Has every team possible in MvC2 and CvS2 been used at some point?

I’d say probably not.

Here’s the math:

MvC2 has 56 characters. Each of those characters has 3 different assist types. Now we’re looking at 168 distinct playable characters (this does not include Abyss).

CvS2 has 48 characters, but there are 6 different grooves to deal with (this does not include custom grooves). However, you must choose one groove for your whole team.

This is all under the assumption that teams each have a different character (ie. no Megaman/Megaman/Megaman with the same assist).
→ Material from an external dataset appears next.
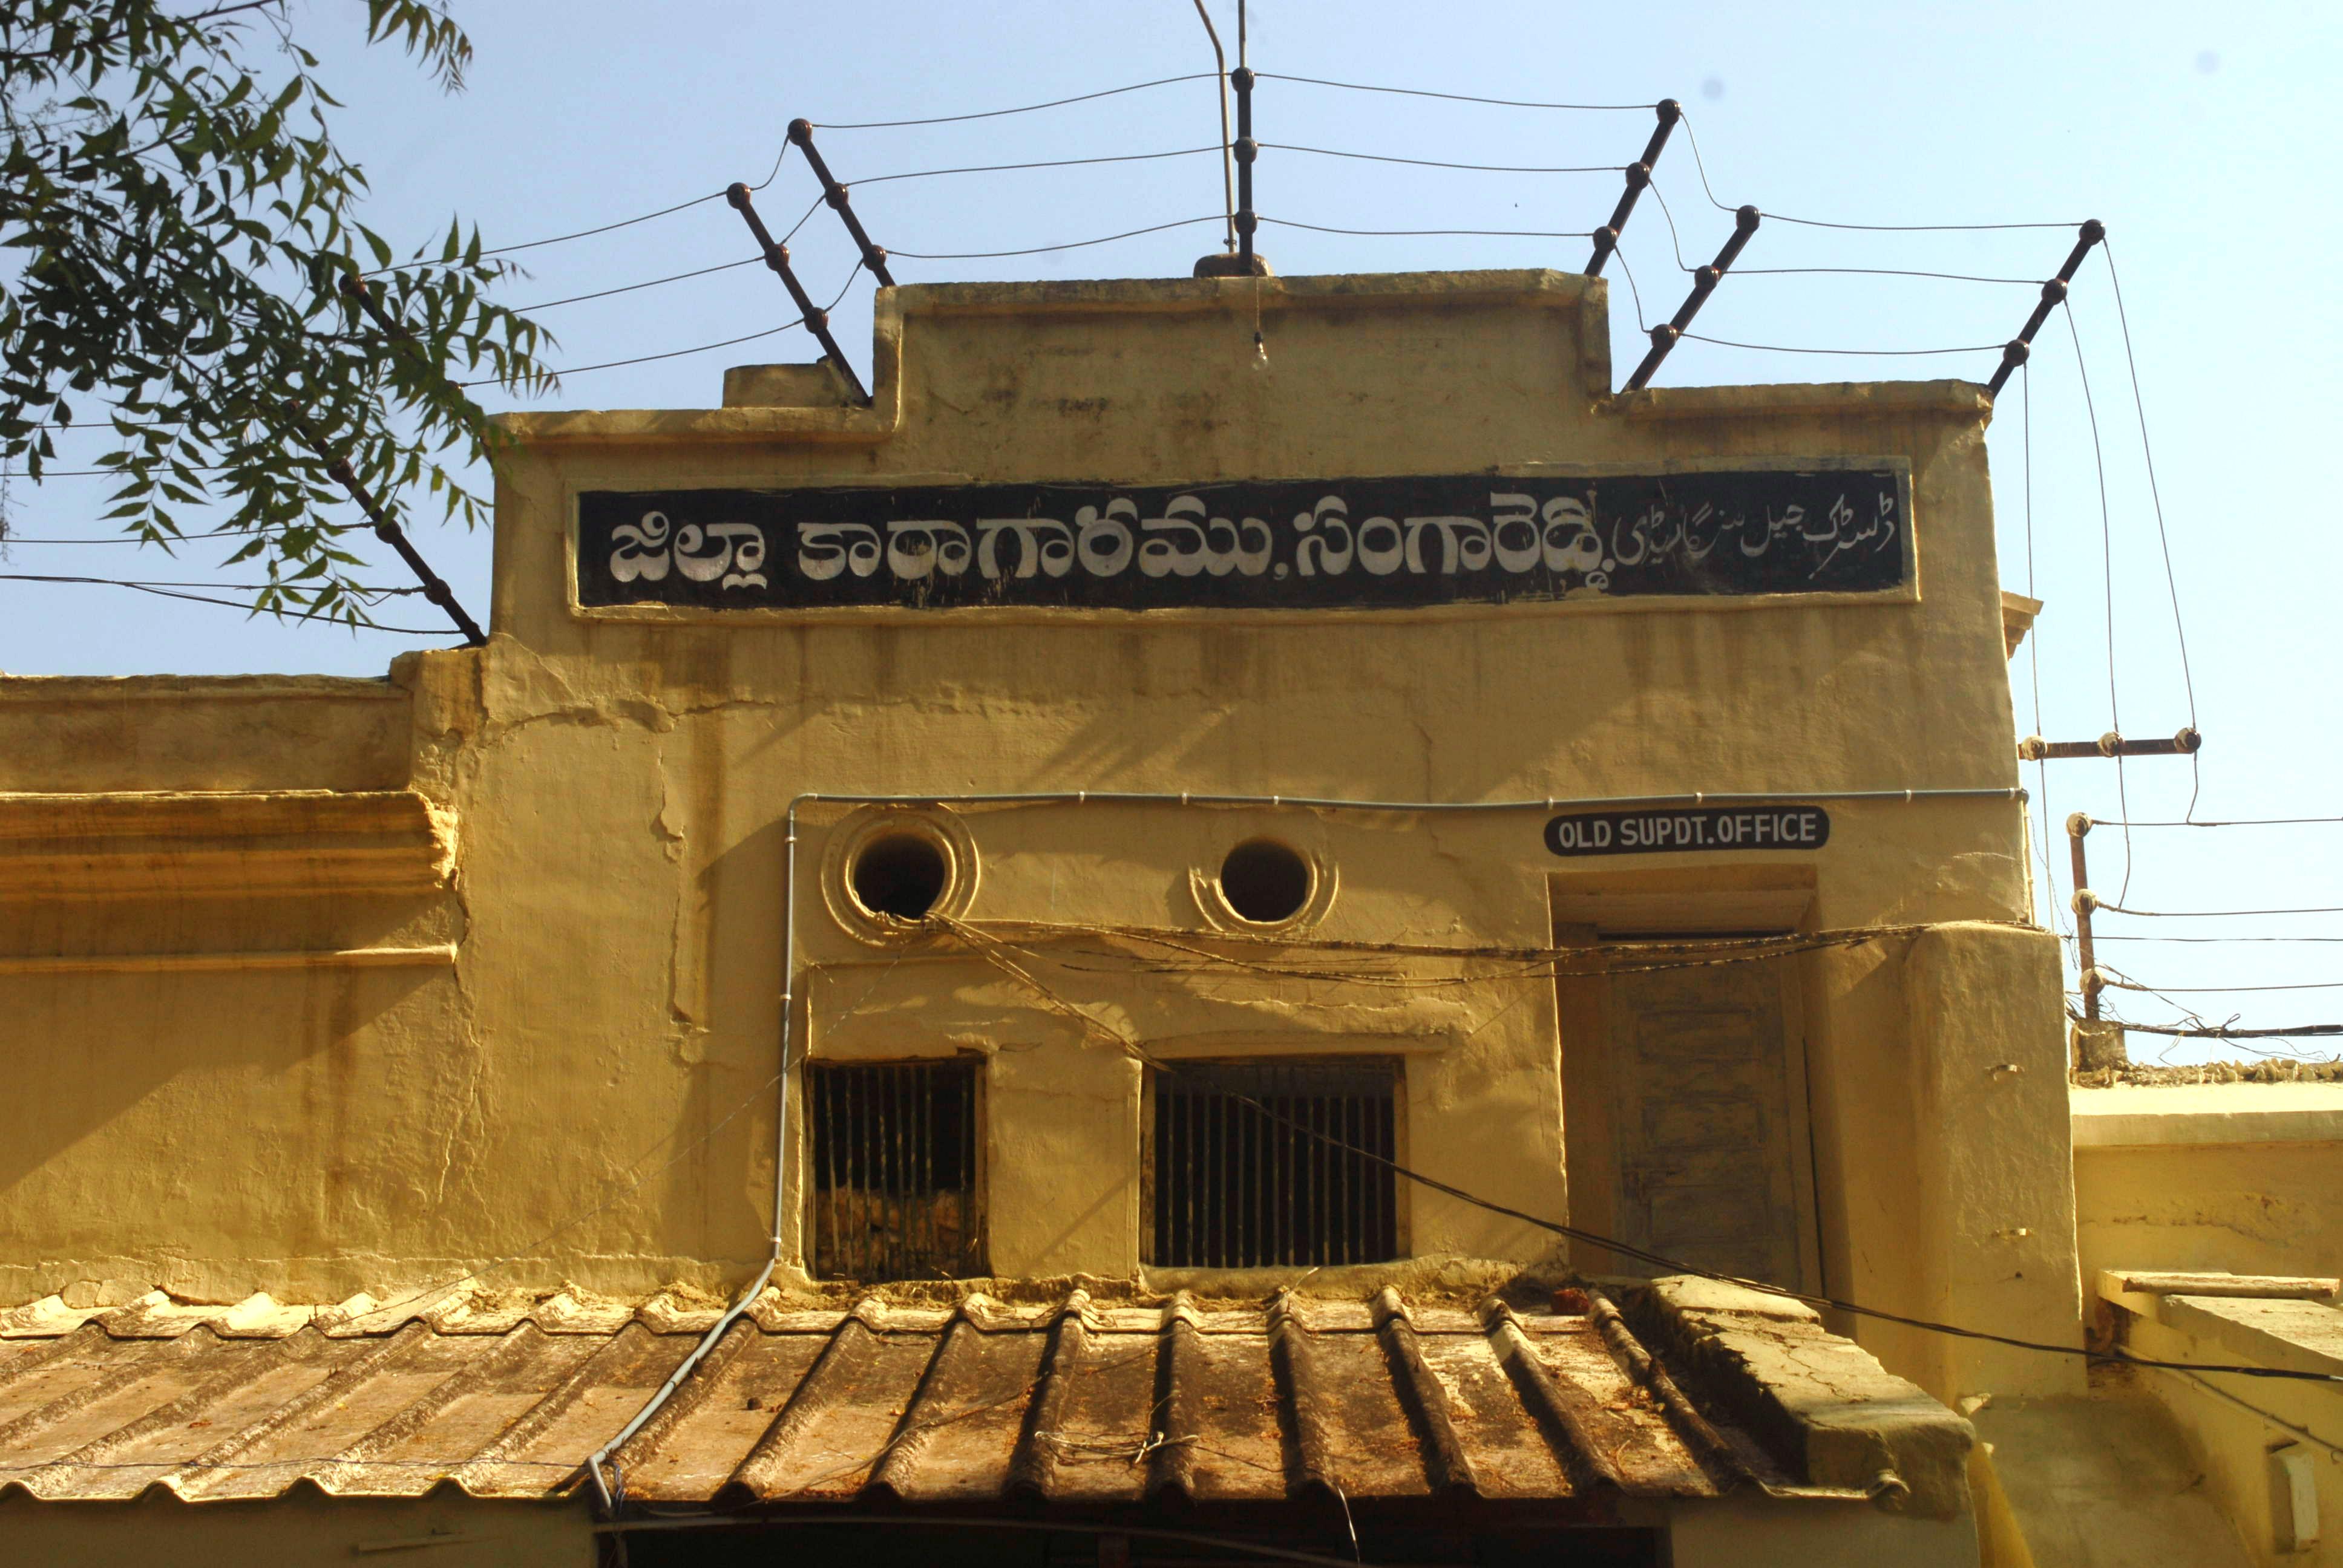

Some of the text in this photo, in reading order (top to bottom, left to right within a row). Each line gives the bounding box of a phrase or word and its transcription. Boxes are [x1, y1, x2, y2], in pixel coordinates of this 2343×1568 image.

[609, 511, 767, 590] జిల్లా
[1740, 505, 1806, 557] جیل
[1559, 821, 1611, 849] OLD
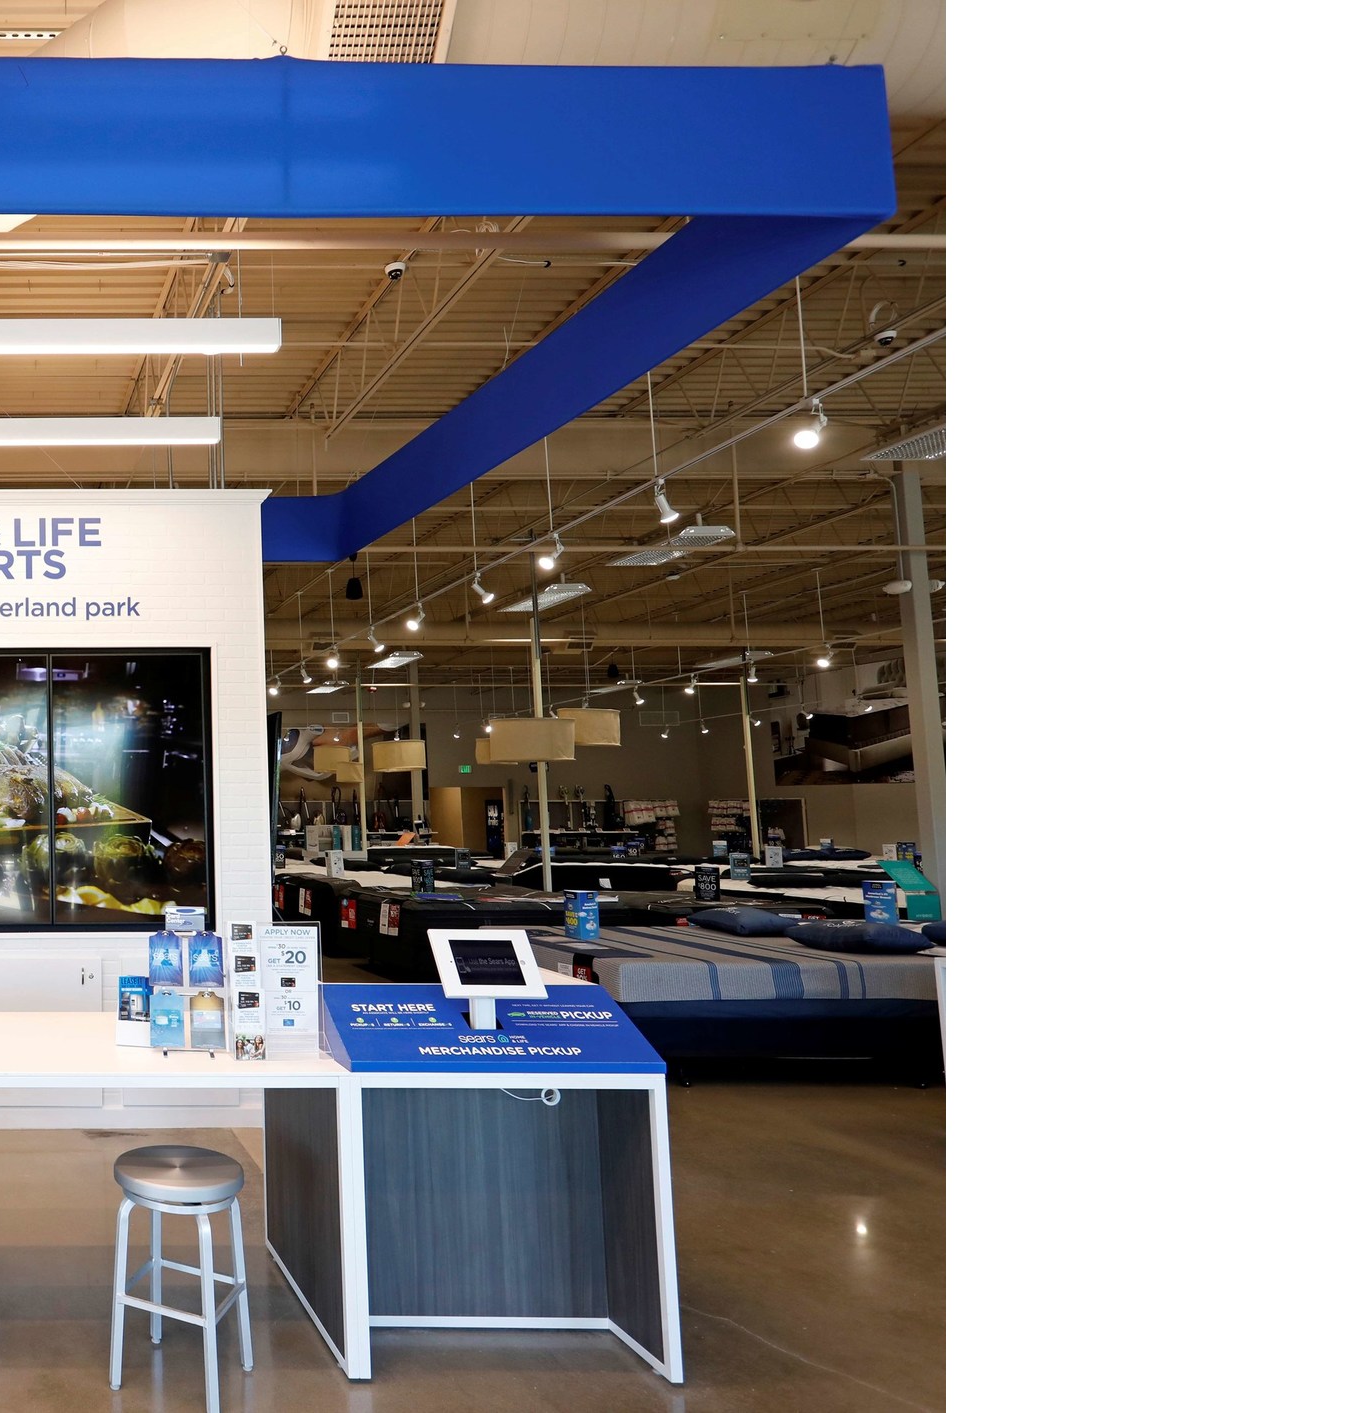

However, since I’m treating each assist type as a different character, you could have all three Megamen(?) with different assists.

So, the math for Marvel goes like this: 168x167x166

Which is a whopping 4,657,296 different possibilities.

The math for CvS2 is a little different: 48x47x46x6

Which is 622,656

So, have more than 4million different teams been chosen in MvC2 or more than 600,000 in CvS2?

Are there any other games that can beat Marvel? Maybe KOF98UM or KOF2002UM? I haven’t checked them out yet.

you have to much time on your hands brah…

My sentiments exactly.

I have never seen a Storm, Magneto, Sentinel team in MvC2.

Well ain’t that Abyss. :coffee:

Even with different assists you can’t have the same person twice or three times on your team (at least at Evo where it counts).


I’m pretty sure they have. Not competitively, but otherwise, it’s kind of probably considering a) How long the game’s been out and b) how many people (worldwide) that have played it.

I think that math is wrong.

since once you pick the first character you automatically lose 2 more choices in MvC2 (can’t pick the same character nor the same assist type).

I also thought there was some dividing that was supposed to go on there too, like by the number of remaining options… But its been8 years since discrete math so I’m rusty at this.

I’m not talking about competition, where a named character can be on a team only once. I’m simply talking about possibilities. How many unique teams can be made if you only remove one choice for each member of the team?

The math is simple. Your first character slot can be one of 168 different unique characters (a unique character, imo, is a character that is somehow different than another - anti air Cable is different than projectile Cable who is different than projectile Roll, so that could be a possible team).

Your second slot has 167 options. You only subtract 1 from the original total because he/she is in the first slot. Again, you take away 1 more for the third, so you have 166.

Your first slot has 168 possibilities
Your second has 167
Your third has 166

You simply multiply them to get your team of three.

Now, if you want to use EVO rules, it does change a bit. For every slot, you need to remove 3 instead of 1 because once a version of a character has been picked, all three of his versions are removed from the possibility of being in the second or third slot. So it would go like this: 168x165x162, which is still very high at 4,490,640.

Now, for those saying this has happened, consider this.
Use this MvC2 randomizer: http://www.richmondtrials.com/rand.html
It needs to be clicked about twice (probably more than that) as many times as there are possibilities for each team to show up once, so you’re looking at clicks. For each click, a match has to be played, at an approximate average time of 45 seconds per match.

That means that the game would have had to have been played a total of 12 years 10 months 3 days and 8 hours (or 112,500 hours) straight to get every team to show up, if it was being played on random the whole time. You can halve the time to about 56,250 hours because the team has a chance of showing up on 1P or 2P.

Finally, if you want to consider each character to be unique, then it’s simply 56x55x54, which is 166,320 - considerably lower and more likely to have happened.

Hmm, nice, but what about using the combination factorial math?

I used that for my calculation in another thread, for MVC2 at least:

It depends on whether you count Mags/Storm/Sent, Storm/Mags/Sent, Sent/Storm/Mags etc. as the same team or different teams.

Just looking at the characters:
If Mags/Storm/Sent et. al. count as different teams, you have 56!/53! = 166,320 teams.
If Mags/Storm/Sent et. al. count as the same team, you have 56!/[3!(53!)] = 27,720 teams.

Since there are 27 combinations of assist type for any given team, you have:
166,320 * 27 = 4,490,640 or
27,720 * 27 = 748,440 teams.

If you’re allowed to pick the same character all three times, but with different assists, you end up with:
168!/165! = 4,657,296 or
168!/[3!(165!)] =776,216 teams.

This is Mahvel Math Babee!!

btw my guess is no. :coffee:

Here’s hoping Mag/Storm/Sent is beat out by some random ass team. Serv/Jill/Hood

Yeah that’s the more professional solution :sweat:

Hooray for still being in High School math classes :rofl:

i bet there are people out there who have heard “gonna take u for a ride” about 5 million times

I use Ryu (b), Guile (a), and Hayato (y). You can scratch that one off.

It’s a start.

It’s a simple math problem that takes about 30 seconds to think about.

the answer is Yes. I did it last night. It was pretty cool.